In a bitterly complex analysis of Center for Medicare and Medicaid Services data, these authors describe a relationship between admission rate and subsequent cardiac adverse events.  Based on a statistical sample of Medicare patients visiting acute care hospitals, these authors calculate an admission rate for chest pain for each, and divide the sample into quintiles.  Then, the authors follow index visits for chest pain to those hospitals, and measure 30-day acute myocardial infarction or death.  Thus, a relationship between admission rate and poor outcomes.

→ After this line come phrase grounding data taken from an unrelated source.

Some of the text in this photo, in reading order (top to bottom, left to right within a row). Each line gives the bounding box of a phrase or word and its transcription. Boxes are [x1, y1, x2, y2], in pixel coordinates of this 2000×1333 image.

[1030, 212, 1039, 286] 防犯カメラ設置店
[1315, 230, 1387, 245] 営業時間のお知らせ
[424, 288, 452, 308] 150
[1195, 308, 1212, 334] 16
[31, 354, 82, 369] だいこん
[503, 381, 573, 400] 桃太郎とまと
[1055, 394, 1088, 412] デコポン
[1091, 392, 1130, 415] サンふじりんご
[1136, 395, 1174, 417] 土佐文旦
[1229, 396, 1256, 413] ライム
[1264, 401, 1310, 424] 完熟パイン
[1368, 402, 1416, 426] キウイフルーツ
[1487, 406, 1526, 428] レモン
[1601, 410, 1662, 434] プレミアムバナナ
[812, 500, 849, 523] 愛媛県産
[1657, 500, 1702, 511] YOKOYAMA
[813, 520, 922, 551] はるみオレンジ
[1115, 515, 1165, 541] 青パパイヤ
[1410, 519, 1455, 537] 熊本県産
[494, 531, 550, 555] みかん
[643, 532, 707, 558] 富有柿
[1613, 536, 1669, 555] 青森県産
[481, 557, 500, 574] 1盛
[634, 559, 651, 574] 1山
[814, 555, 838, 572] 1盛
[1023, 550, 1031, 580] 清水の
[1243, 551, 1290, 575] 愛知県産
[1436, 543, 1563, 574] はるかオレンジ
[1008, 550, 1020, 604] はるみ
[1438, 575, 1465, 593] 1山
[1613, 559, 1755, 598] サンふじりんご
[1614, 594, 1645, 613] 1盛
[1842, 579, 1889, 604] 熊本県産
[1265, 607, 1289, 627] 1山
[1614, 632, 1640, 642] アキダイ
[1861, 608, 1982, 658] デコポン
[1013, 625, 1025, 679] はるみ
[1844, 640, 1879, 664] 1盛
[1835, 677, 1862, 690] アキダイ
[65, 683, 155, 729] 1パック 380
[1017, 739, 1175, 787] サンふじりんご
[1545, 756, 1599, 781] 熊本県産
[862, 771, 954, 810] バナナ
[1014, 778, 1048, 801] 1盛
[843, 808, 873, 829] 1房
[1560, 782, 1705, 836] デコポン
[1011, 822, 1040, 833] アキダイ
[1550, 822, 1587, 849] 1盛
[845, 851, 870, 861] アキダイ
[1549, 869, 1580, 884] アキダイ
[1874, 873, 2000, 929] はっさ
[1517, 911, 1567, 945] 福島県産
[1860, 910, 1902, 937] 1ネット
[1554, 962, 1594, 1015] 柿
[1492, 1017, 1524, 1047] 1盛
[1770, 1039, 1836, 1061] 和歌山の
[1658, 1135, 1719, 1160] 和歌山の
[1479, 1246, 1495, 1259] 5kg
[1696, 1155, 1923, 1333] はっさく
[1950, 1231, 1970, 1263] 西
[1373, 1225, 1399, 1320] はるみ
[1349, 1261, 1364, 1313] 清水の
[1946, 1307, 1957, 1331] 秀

The mean adjusted admission rate for chest pain ranged from 37.5% in the lowest quintile to 81.0% in the highest quintile.  Owing to the large sample size, many of the differences between hospitals in each quintile meet statistical significance.  However, the difference that leaps out at me the most, for-profit hospitals represented 24% of the highest quintile for admissions, while for-profit hospitals were only 7.8% of the lowest.

And, what was that massive variation and expenditure associated with, in terms of beneficial outcomes?  An inconsistent reduction in subsequent AMI and death which, through multivariate logistic regression, was equal to about 3.6 fewer AMIs and 2.8 fewer deaths per 1,000 patients – with very wide 95% CIs.

And, thus, to oversimplify and overstate the soundness of the analysis, the NNT of 333.

It seems very reasonable to suggest a relationship between intensity of care and 30-day cardiac outcomes.  Such intensity of care, however, is quite expensive – on the order of probably $1.5-$2M per life shortened and captured in this 30-day window.  As our population ages, we are simply going to have to do better – in order to maximize the value of the limited healthcare dollars.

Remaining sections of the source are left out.